UV radiation Presence of dysplastic nevi Family History of Melanoma Personal History of Melanoma Congenital melanocytic nevi Fitzpatrick Skin Type Immune suppression Age Male gender (1:57) vs female gender (1:81)
Describe familial melanoma syndrome.
i. CDKN2A gene 40%
1. CDKN2A encodes 2 genes from alternative frame reading, loss of INK4A functions lead to inhibition of RB and p53→cell cycle proliferation
ii. Atypical nevi, larger 5-10mm, with macular and popular components
iii. Numerous atypical nevi
iv.
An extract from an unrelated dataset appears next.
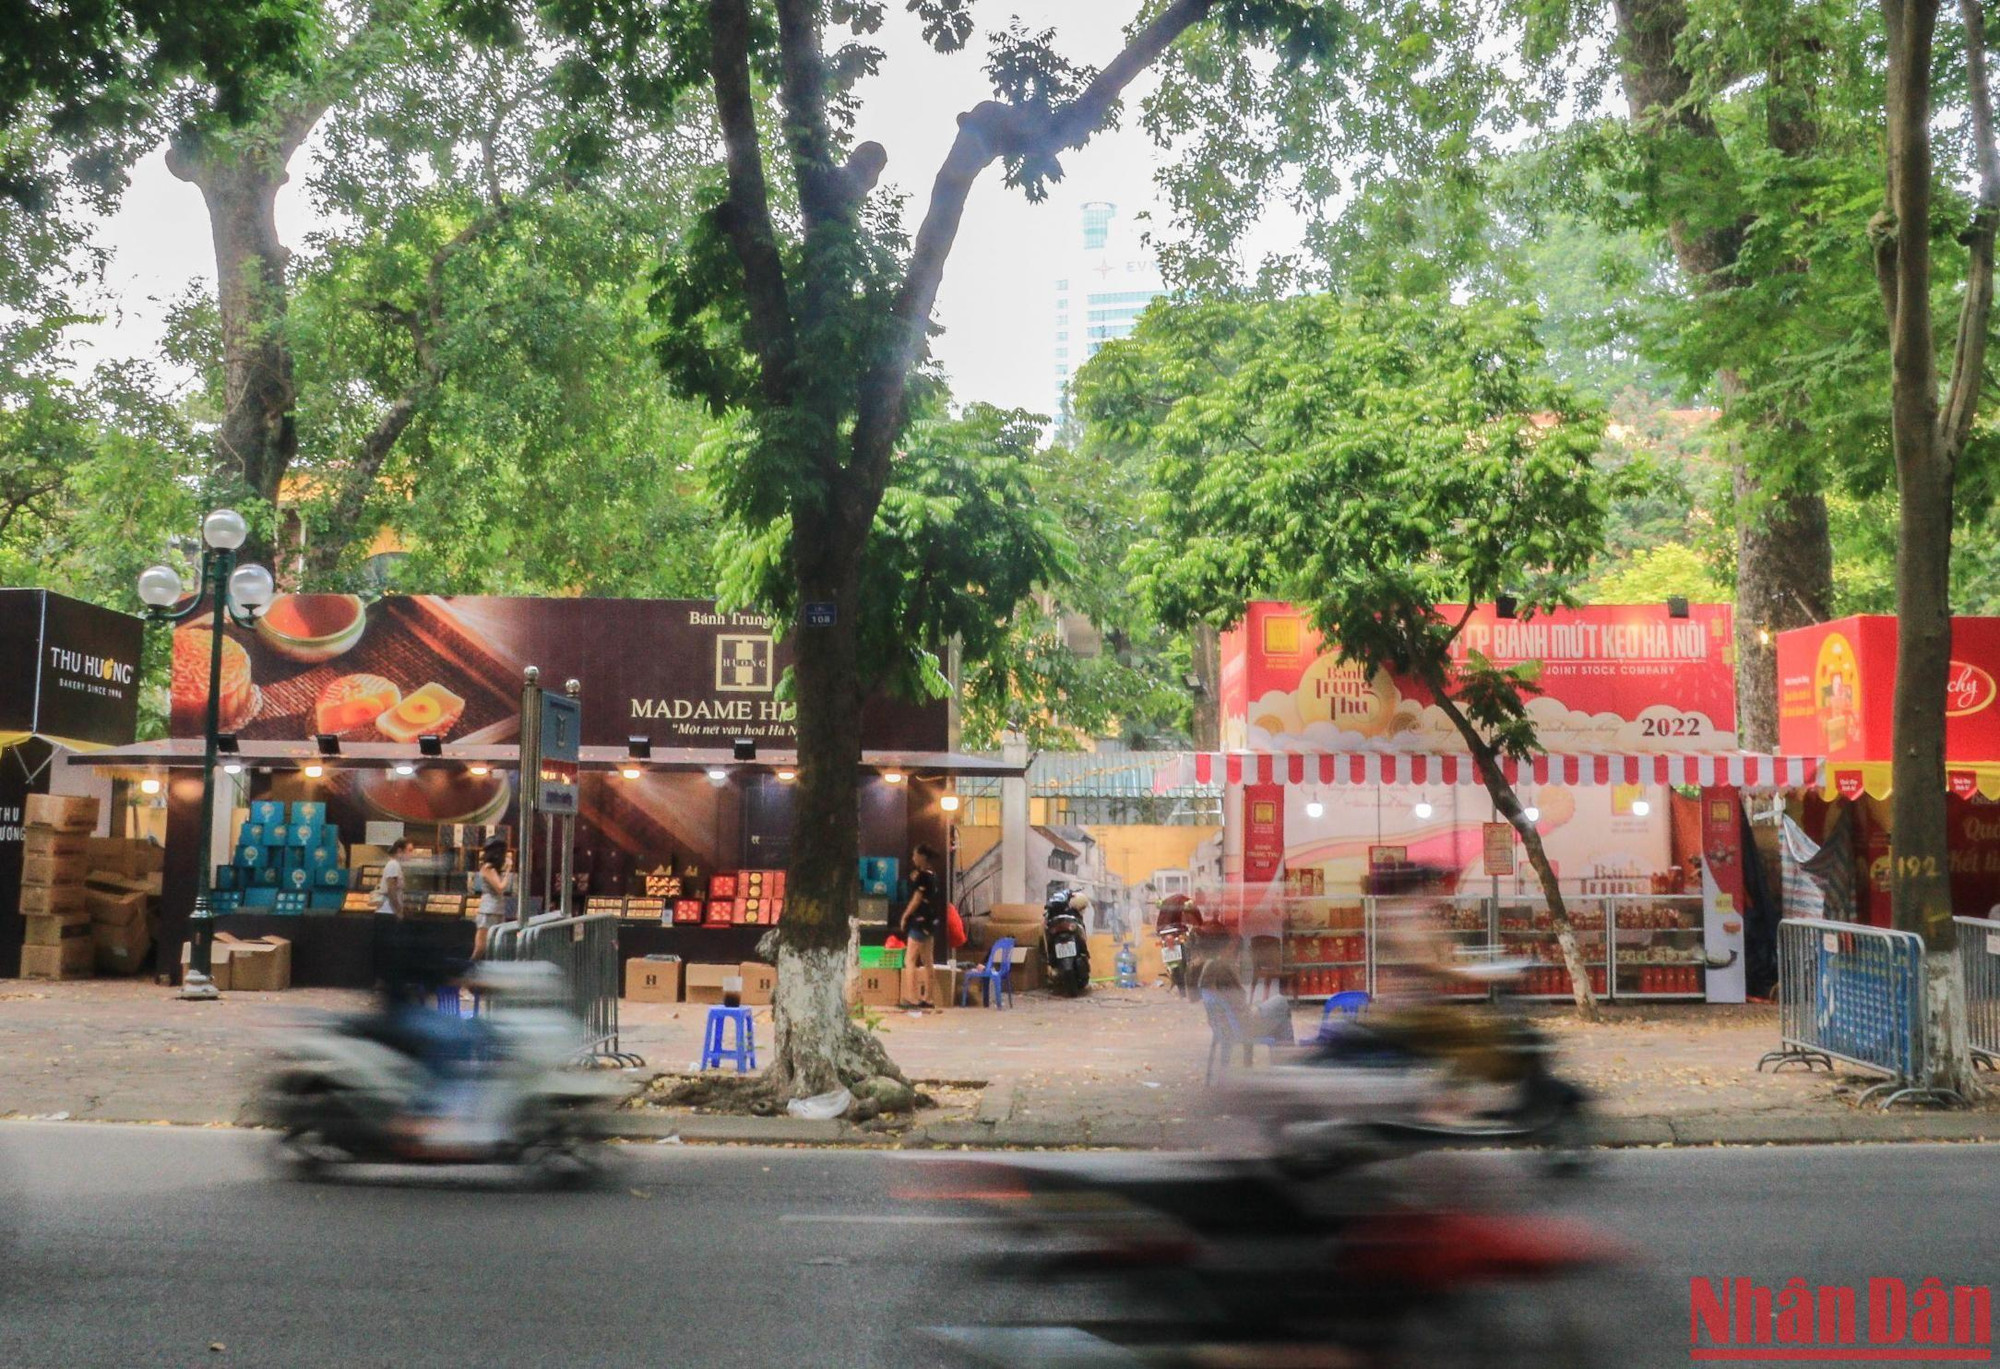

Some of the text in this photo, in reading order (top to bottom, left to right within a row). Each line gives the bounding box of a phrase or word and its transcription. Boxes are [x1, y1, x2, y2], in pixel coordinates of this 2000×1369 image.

Family history→50% chance of developing melanoma by 50 yrs
List the four types of melanoma and their main characteristics.
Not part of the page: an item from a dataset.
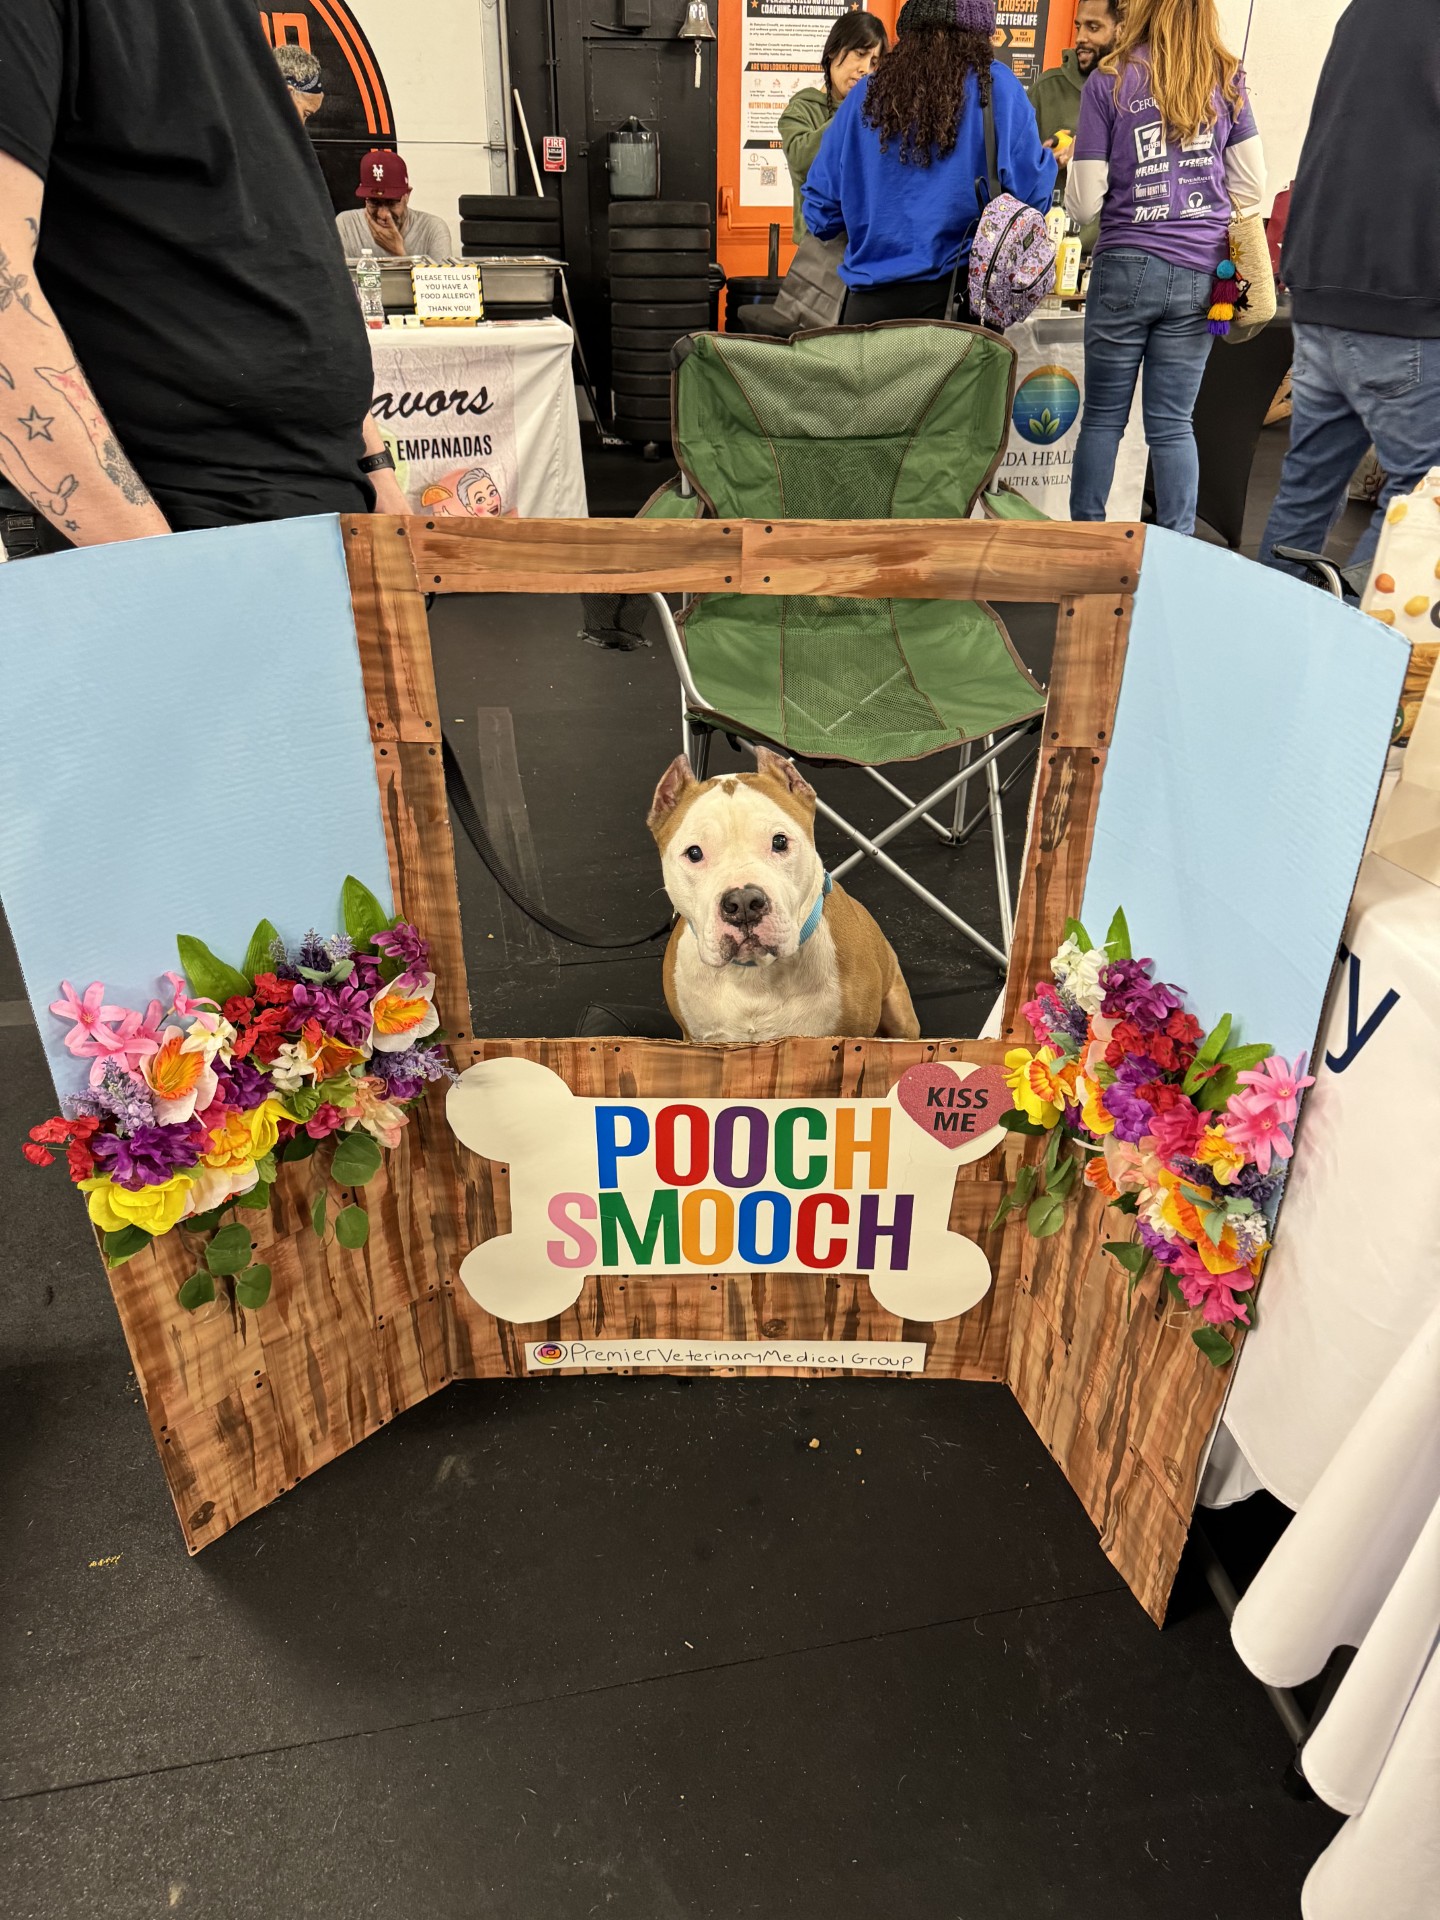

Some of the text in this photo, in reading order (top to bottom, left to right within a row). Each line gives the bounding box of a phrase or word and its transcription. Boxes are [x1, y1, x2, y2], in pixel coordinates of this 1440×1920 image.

- Superficial spreading melanoma: intermittent sun exposure, classical back for men, legs for women, 40-50 yr olds
- Lentigo maligna melanoma: chronically sun damaged, head and neck, long radial growth. dark irregular ink spot.
- Nodular melanoma: 50 yr old, aggressive, sun exposed and non exposed, lacks radial growth phase, poor prognosis
- Acral lentiginous melanoma: common in ppl of color, non sun exposed areas
What are the ABCDE’s of melanoma?
Assymetry border irregularity color variation or change diameter evolution
What are the recommended treatments for melanoma?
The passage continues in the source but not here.